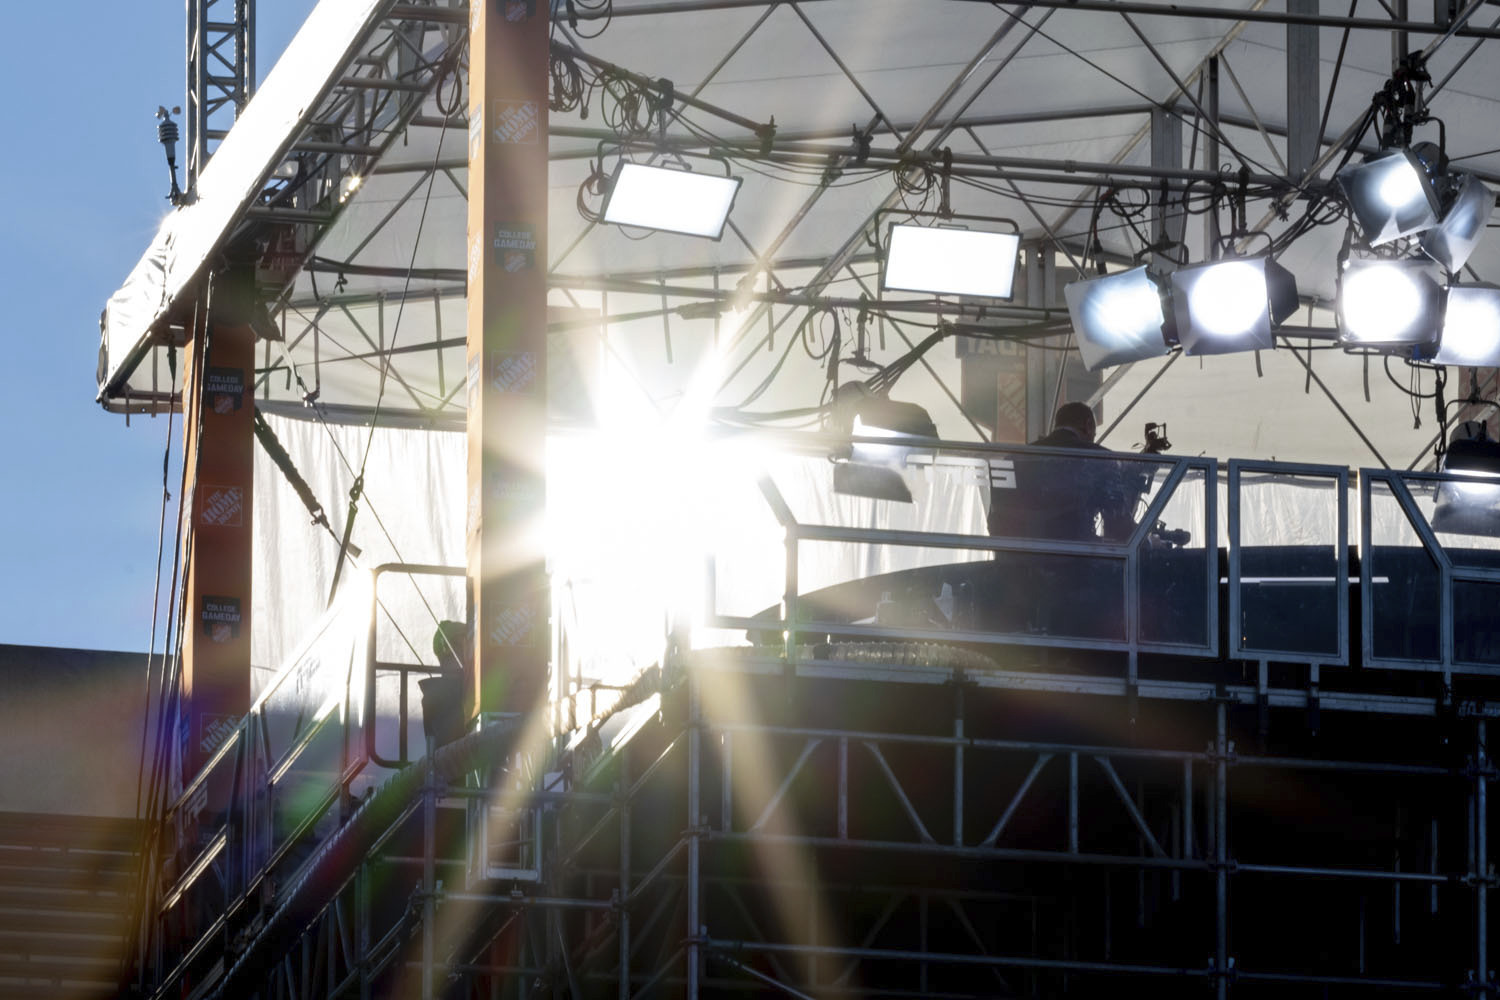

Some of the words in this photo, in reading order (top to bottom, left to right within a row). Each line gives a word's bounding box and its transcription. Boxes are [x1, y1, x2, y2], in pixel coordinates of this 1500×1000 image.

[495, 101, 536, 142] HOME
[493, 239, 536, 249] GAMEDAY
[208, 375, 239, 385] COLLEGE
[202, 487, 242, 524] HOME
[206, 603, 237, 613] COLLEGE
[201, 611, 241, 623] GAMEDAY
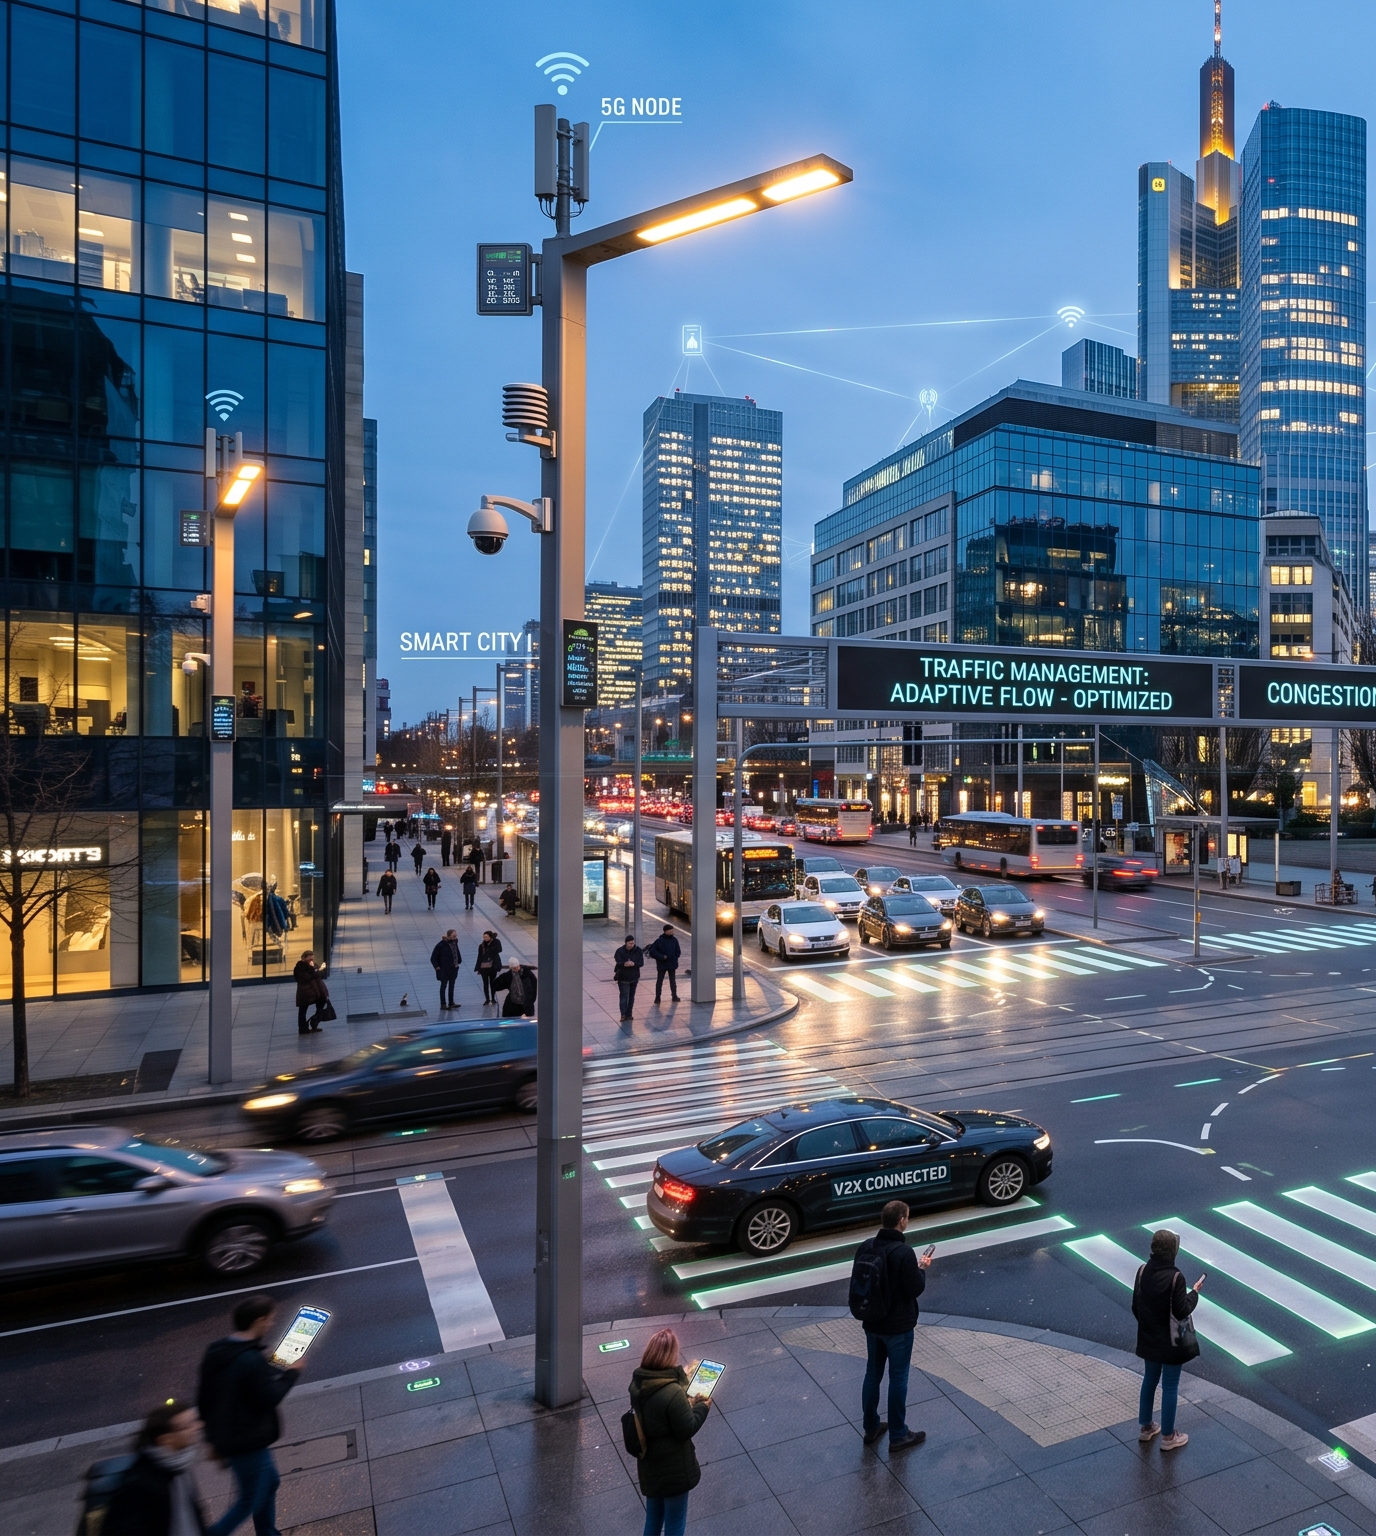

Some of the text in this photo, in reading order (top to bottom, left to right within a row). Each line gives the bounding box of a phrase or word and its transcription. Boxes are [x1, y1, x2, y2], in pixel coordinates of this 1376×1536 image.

------------------------------------------------

* **The task**
Output each line exactly as shown above; no pictures go in the copy.

* **Answer to the exercise**
Some of the words in this photo, in reading order (top to bottom, left to right within a row). Each line gives a word's bounding box and its transcription. Boxes are [x1, y1, x2, y2], in pixel coordinates of this 1500×1000 image.

[495, 101, 536, 142] HOME
[493, 239, 536, 249] GAMEDAY
[208, 375, 239, 385] COLLEGE
[202, 487, 242, 524] HOME
[206, 603, 237, 613] COLLEGE
[201, 611, 241, 623] GAMEDAY

Some of the text in this photo, in reading order (top to bottom, left to right within a row). Each line gives the bounding box of a phrase or word and its transcription. Boxes are [x1, y1, x2, y2], in pixel coordinates of this 1376×1536 image.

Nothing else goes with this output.